When you came home from your trip you decided to begin treatment provided that it would be kept under wraps. During those days I watched you busy yourself with arrangements for when you would be gone, even if not all of them bore fruition. I felt lonely having no one to talk to about you and how I felt.

There came a point when I tried to seek solace in the Internet, where I hoped to find someone who would hear me out, but I stopped myself. Because even in anonymity I felt that I was betraying you.

I struggled to fulfill your request for me to continue with my life while you underwent chemotherapy, so I wore a mask of normalcy to keep you from worrying. However, each passing day, I imagined a life without you until my heart grew heavy. Every so often on my way to work, I would think of you and I’d catch a stranger looking at me. I would break off from contemplation, forgetting to catch myself from shedding a tear. It was strange that I allowed myself to let my eyes well up in the company of strangers.

My sadness became a part of your secret I kept so well that it had become my new normal. I suppose you felt my sadness when you sat me down to talk about the future, my future.
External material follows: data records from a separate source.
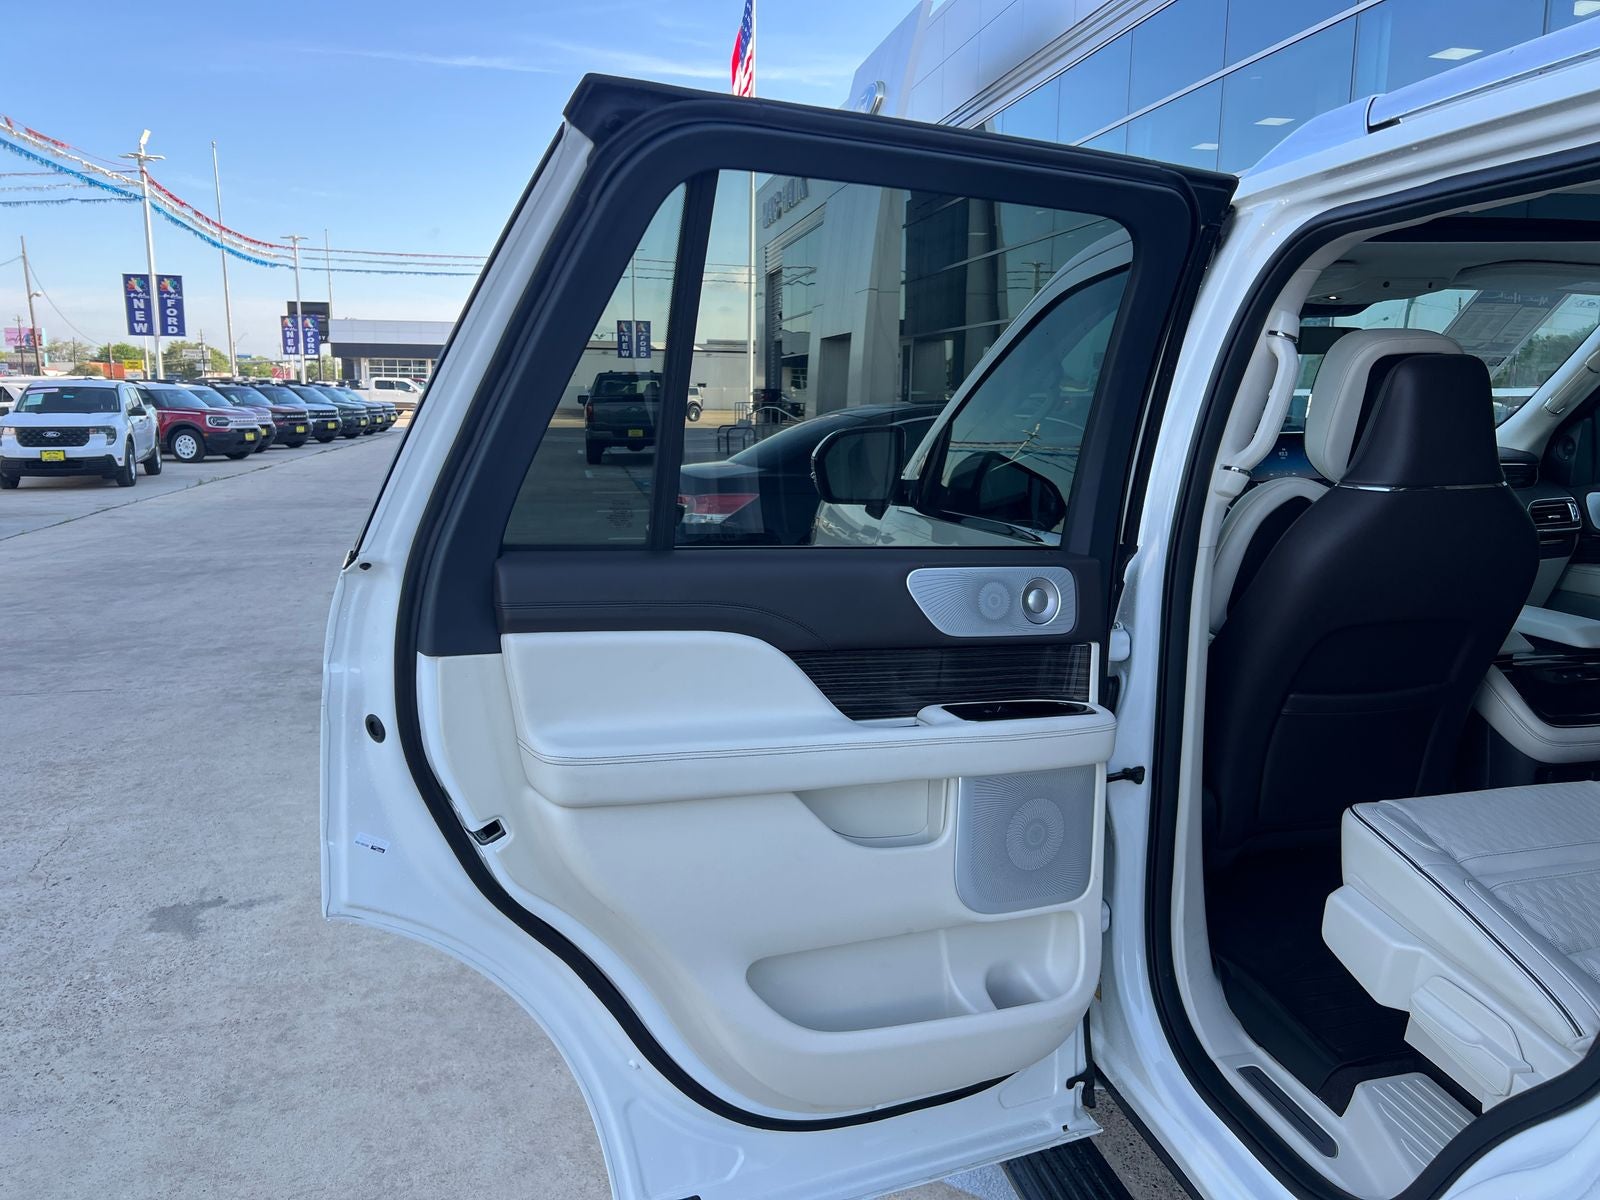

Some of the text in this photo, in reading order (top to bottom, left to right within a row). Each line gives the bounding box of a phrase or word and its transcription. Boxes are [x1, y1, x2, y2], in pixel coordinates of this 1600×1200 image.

[132, 298, 148, 333] NEW
[166, 299, 179, 334] FORD
[286, 330, 296, 353] NEW
[306, 331, 315, 354] FORD
[621, 335, 630, 357] NEW
[639, 335, 647, 357] FORD
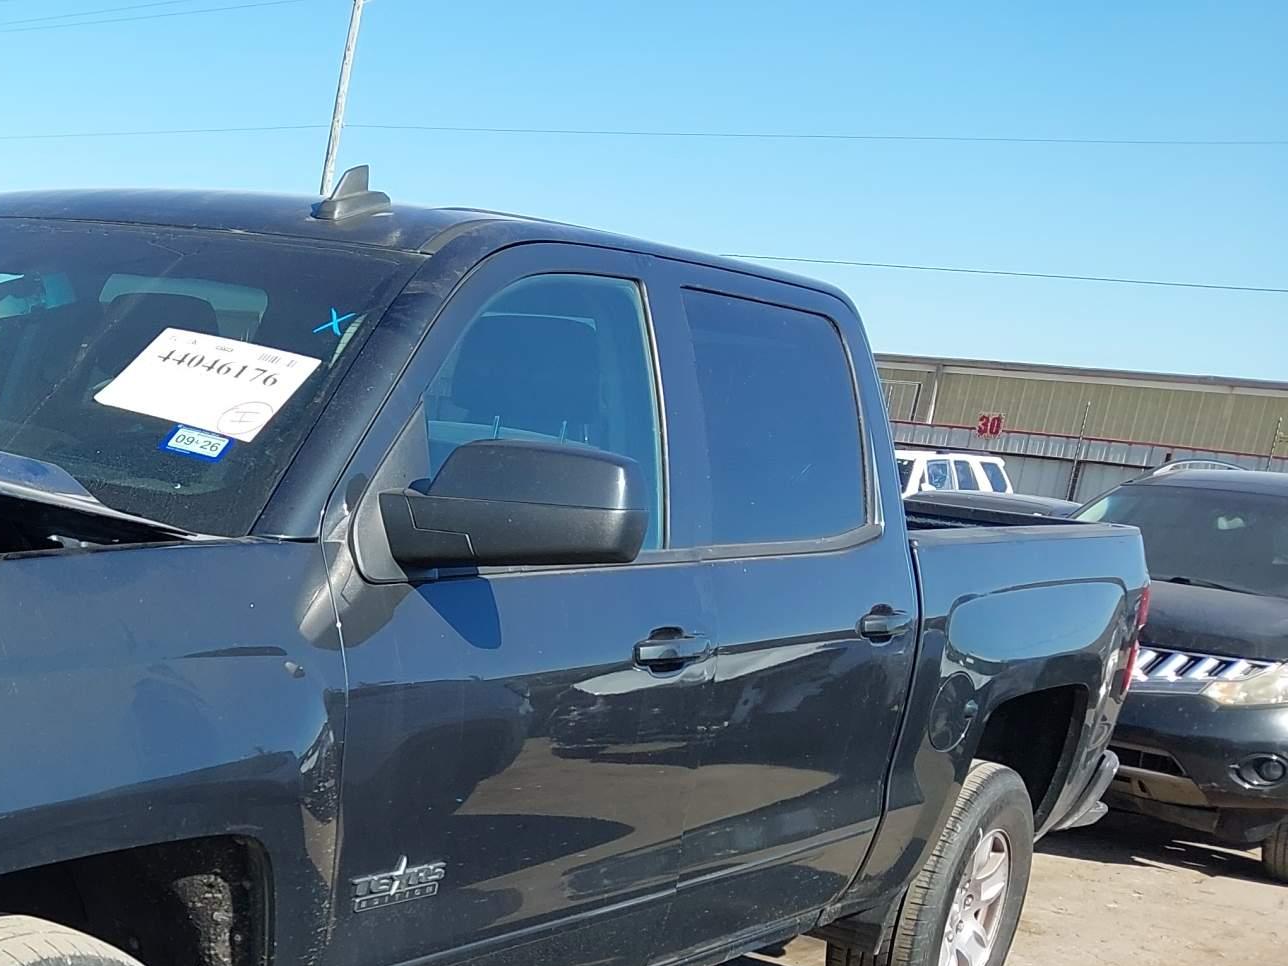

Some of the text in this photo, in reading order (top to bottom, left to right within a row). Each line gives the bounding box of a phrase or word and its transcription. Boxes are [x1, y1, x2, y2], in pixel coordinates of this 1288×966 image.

[157, 349, 280, 387] 44046176
[978, 415, 1002, 436] 30
[174, 433, 195, 446] 09
[200, 440, 221, 452] 26
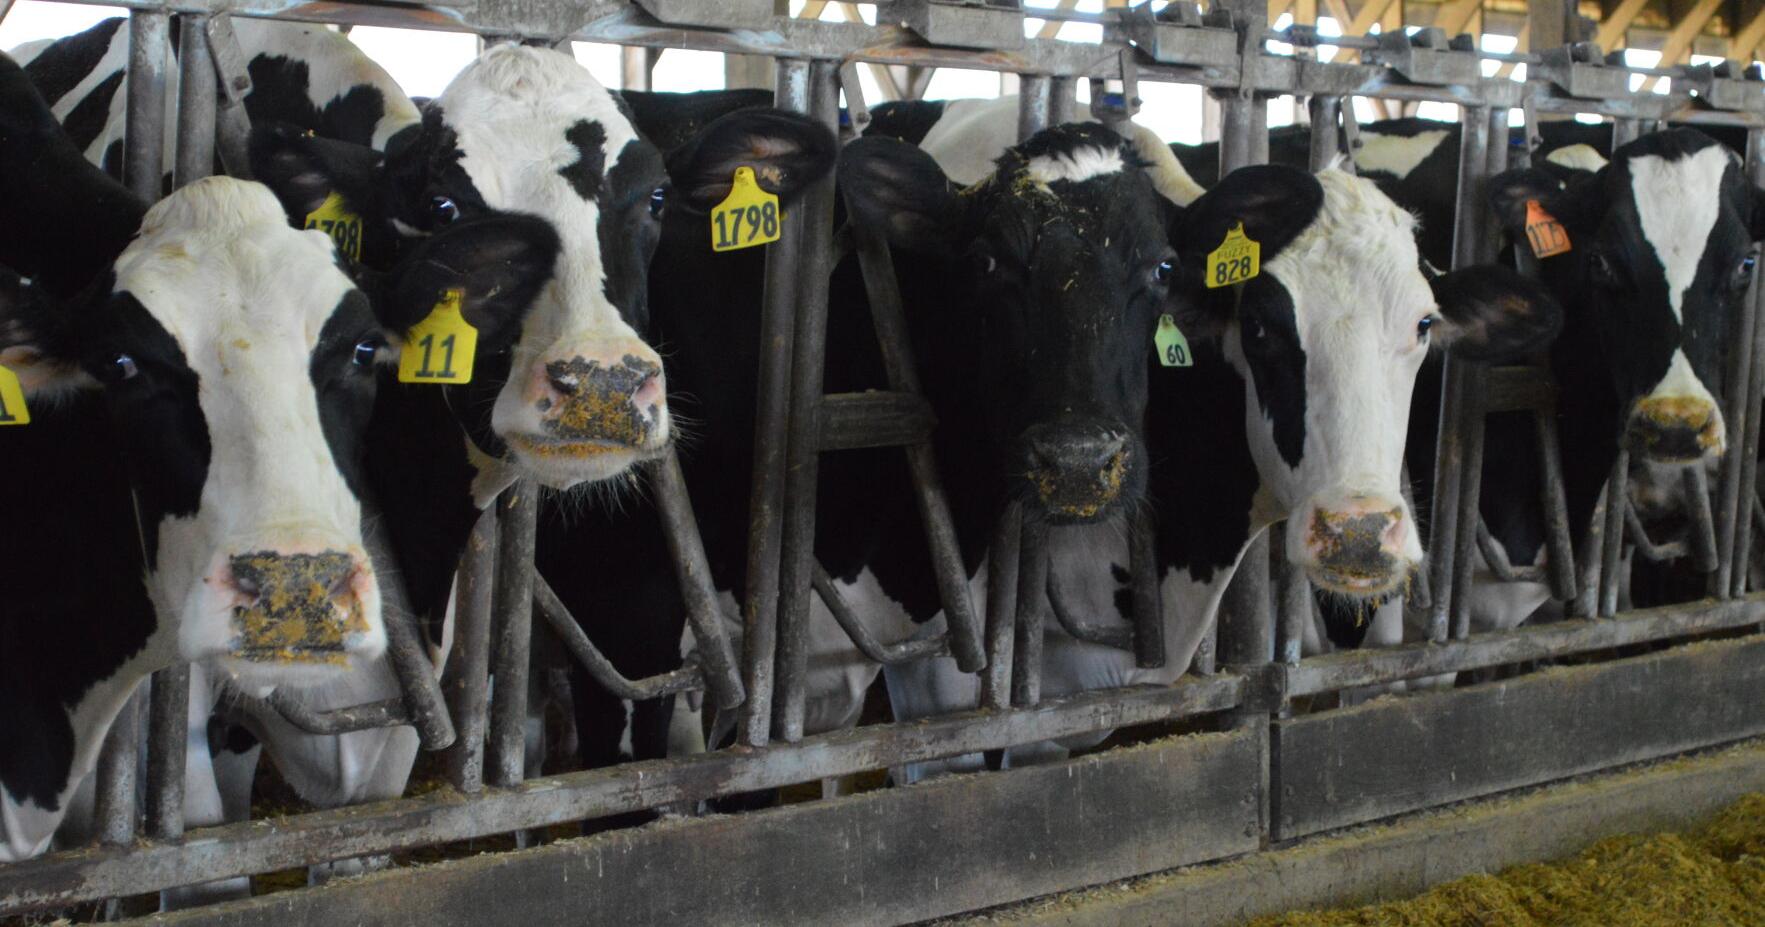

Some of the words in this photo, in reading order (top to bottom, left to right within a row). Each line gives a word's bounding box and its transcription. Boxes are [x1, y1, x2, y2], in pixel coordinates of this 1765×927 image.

[307, 219, 359, 259] 798
[715, 201, 777, 248] 1798
[1216, 256, 1251, 284] 828
[415, 334, 456, 378] 11
[1167, 344, 1185, 364] 60
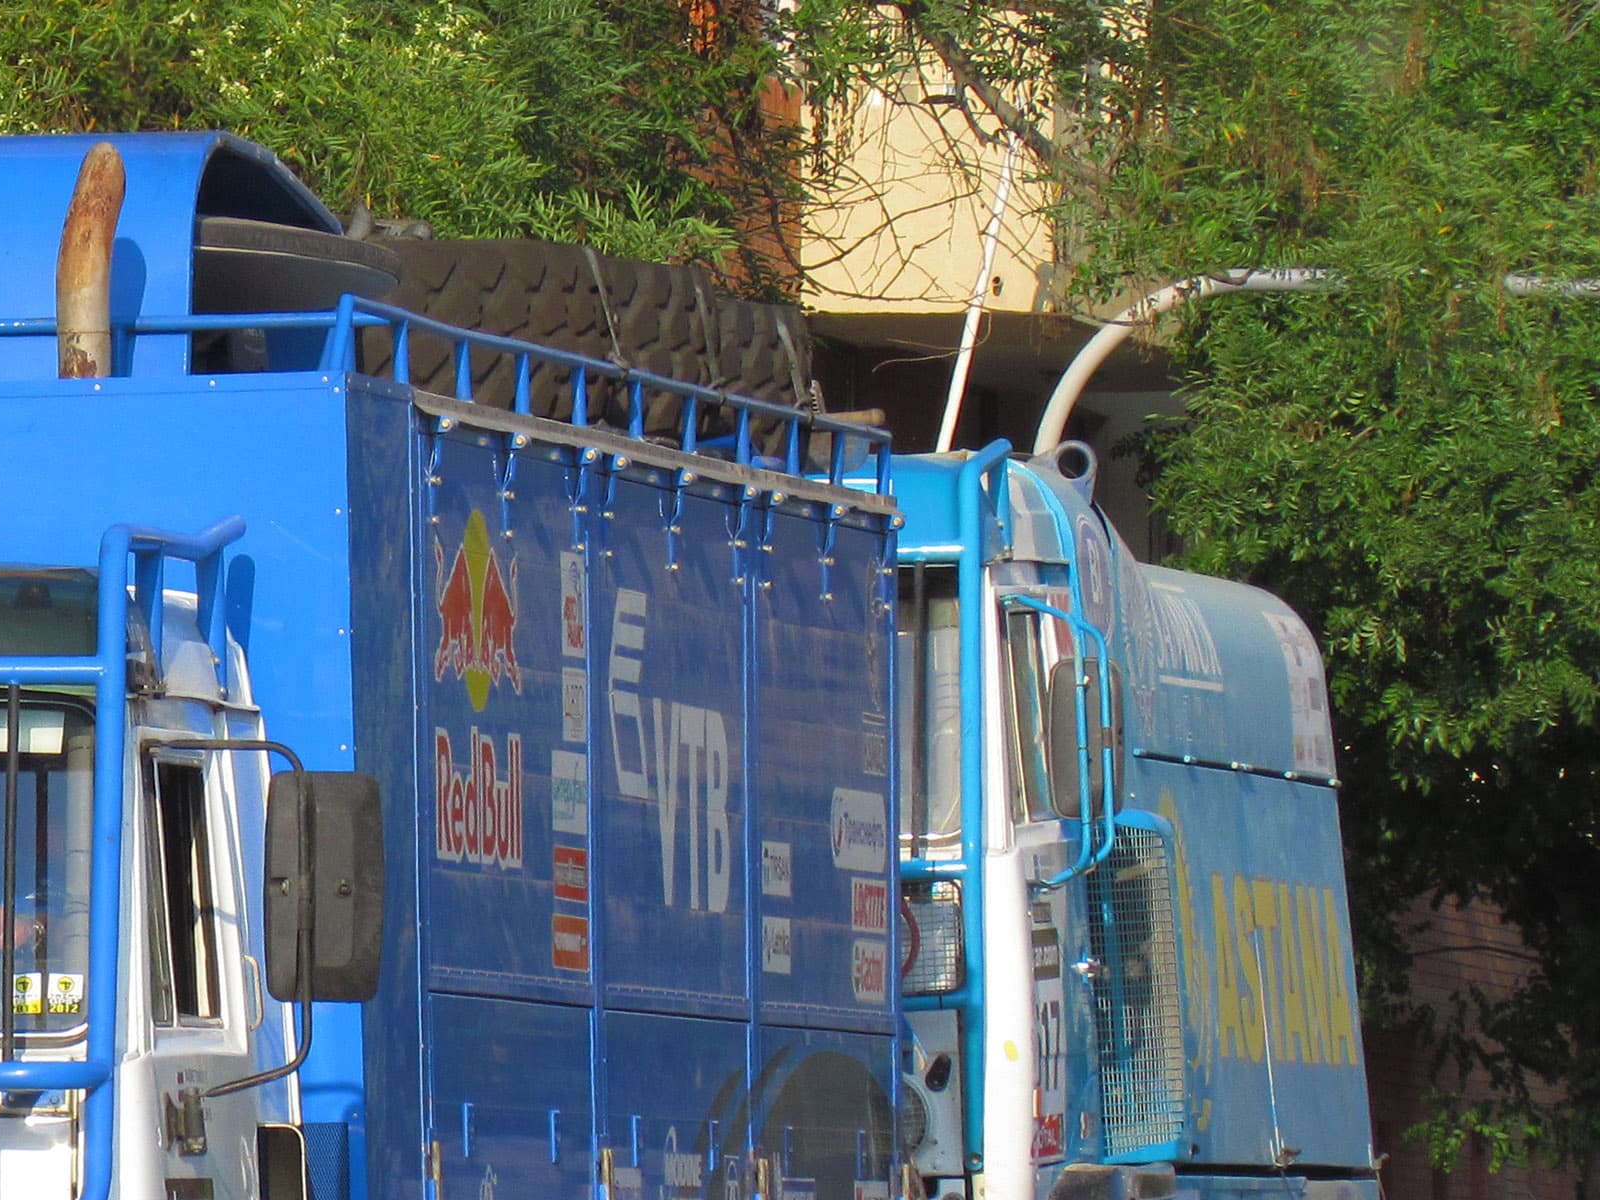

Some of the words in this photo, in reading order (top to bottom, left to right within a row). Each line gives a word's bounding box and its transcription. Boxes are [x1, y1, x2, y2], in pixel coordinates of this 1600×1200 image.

[435, 726, 479, 861] Red
[480, 735, 523, 868] Bull
[653, 697, 730, 914] VTB
[48, 1003, 79, 1014] 2012
[1210, 872, 1358, 1068] ASTANA
[664, 1154, 703, 1187] MODINE
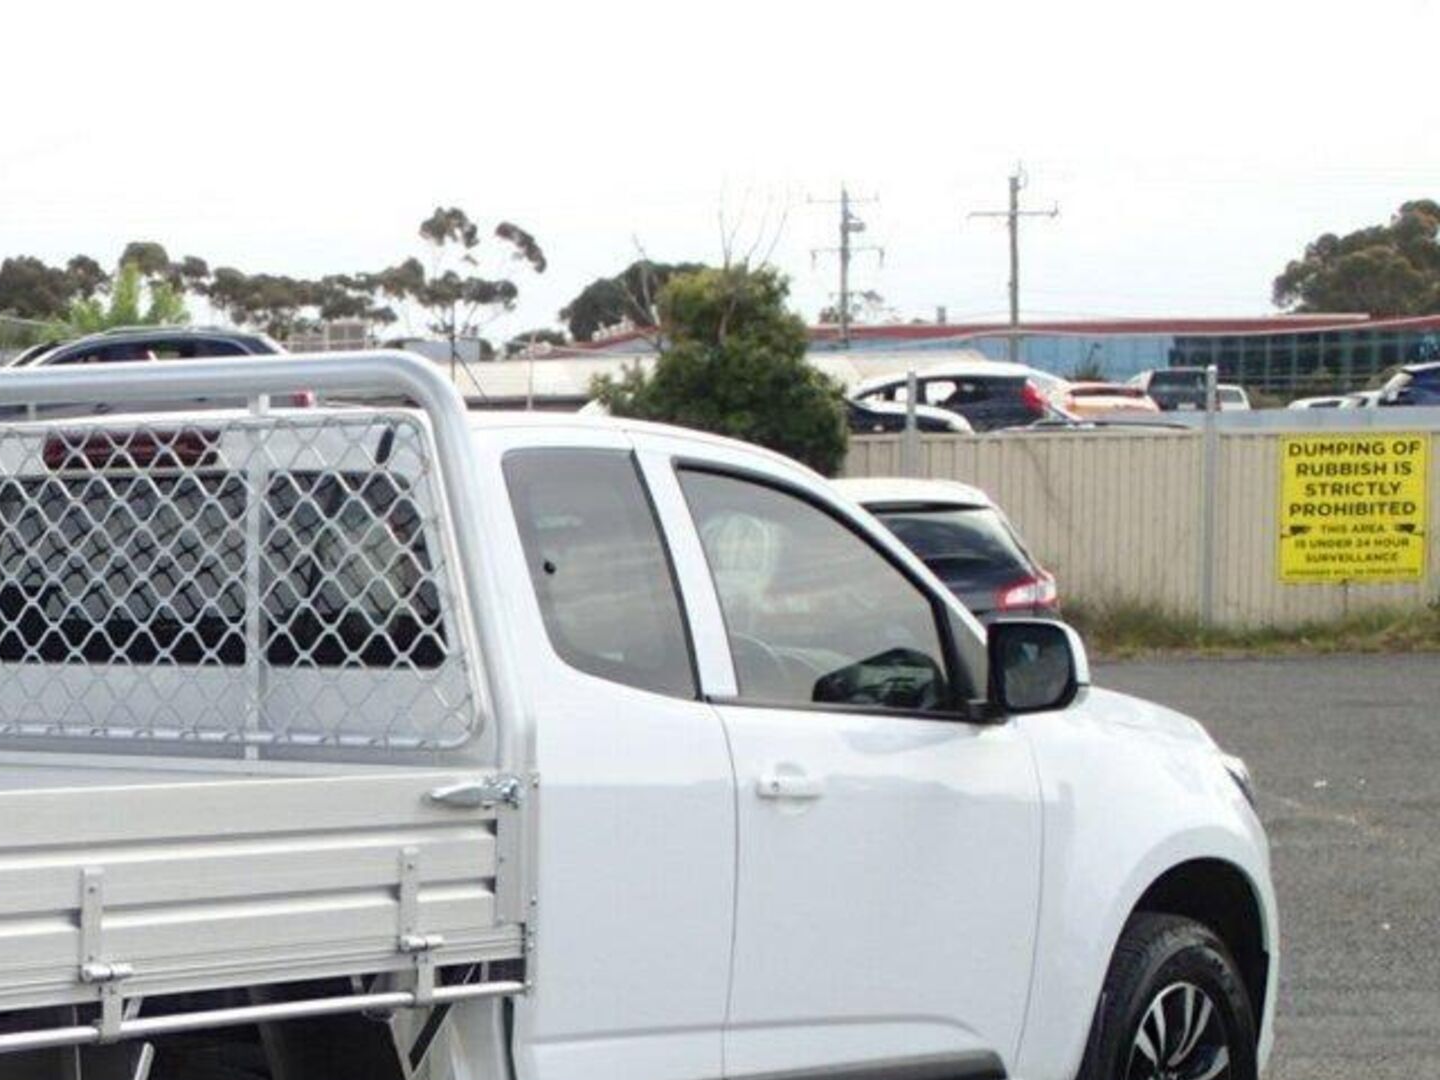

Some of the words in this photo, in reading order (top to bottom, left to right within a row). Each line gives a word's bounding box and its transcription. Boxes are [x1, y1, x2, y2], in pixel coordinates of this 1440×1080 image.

We never talked about these things. I remember vividly that you were concerned about whom I would marry. I laughed it off but you coldly quipped “I can’t tell who you’ll marry” and I felt the pang in your words. I figured you worried about protecting me from anyone who would hurt me. Perhaps you never knew I had been in love before and that I knew the torment of heartbreak. I was no stranger to it, even before you raised your concern. At that point I knew that you were bracing me for your departure, and you had no idea that I was inuring the torment of being left behind again.

To this day I feel as if I haven’t cried enough for your passing. The guilt lingers because I love you so dearly. I haven’t married yet, because I keep finding a little bit of you in every person that comes into my life. I just wanted you to know that on your last breath you cried too, and that’s alright.